ADHD more common in offspring of mothers with genetic serotonin deficiencies

A study carried out by Anne Halmøy, M.D., of University of Bergen, Norway and colleagues has found that children whose mothers are genetically predisposed to have impaired production of serotonin are more likely to develop ADHD later in life.

Serotonin is a hormone involved in the development of neurons, their migration to their proper position and the arrangement of the synapses between them. Serotonin is also important as a transmitter in the mature nervous system. Previous studies suggest that alterations in the genes or enzymes involved in the biosynthesis of serotonin in pregnant females could result in birth defects.

Six hundred and forty six individuals provided blood samples for gene sequencing and information about psychiatric diagnoses and symptoms. The researchers identified nine different mutations, of which eight were associated with impaired enzyme function. Analysis of 38 people who carried a mutation and 41 of their offspring showed that these offspring had a 1.5 – 2.5 higher risk of ADHD than either control individuals or children of fathers with the same mutations.
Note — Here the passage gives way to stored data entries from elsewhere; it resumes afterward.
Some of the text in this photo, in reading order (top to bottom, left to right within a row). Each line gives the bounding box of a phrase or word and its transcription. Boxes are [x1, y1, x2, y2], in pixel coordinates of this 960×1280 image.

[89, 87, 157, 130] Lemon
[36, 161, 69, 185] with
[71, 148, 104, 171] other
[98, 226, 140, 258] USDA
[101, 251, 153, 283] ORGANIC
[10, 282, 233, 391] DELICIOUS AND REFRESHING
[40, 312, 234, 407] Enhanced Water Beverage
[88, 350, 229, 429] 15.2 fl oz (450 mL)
However there was a wide variance in the number and severity of symptoms reported, meaning that the outcome will depend upon many different genetic or environmental factors, and leading the researchers to conclude that although “maternal serotonin deficiency during pregnancy might predispose to neuropsychiatric disorders and cardiovascular illnesses”, further studies are required to substantiate these findings.

Source: published in the October 2010 issue of Archives of General Psychiatry, one of the JAMA/Archives journals.

This study was supported by the Research Council of Norway, Western Norway Regional Health Authority and the University of Bergen.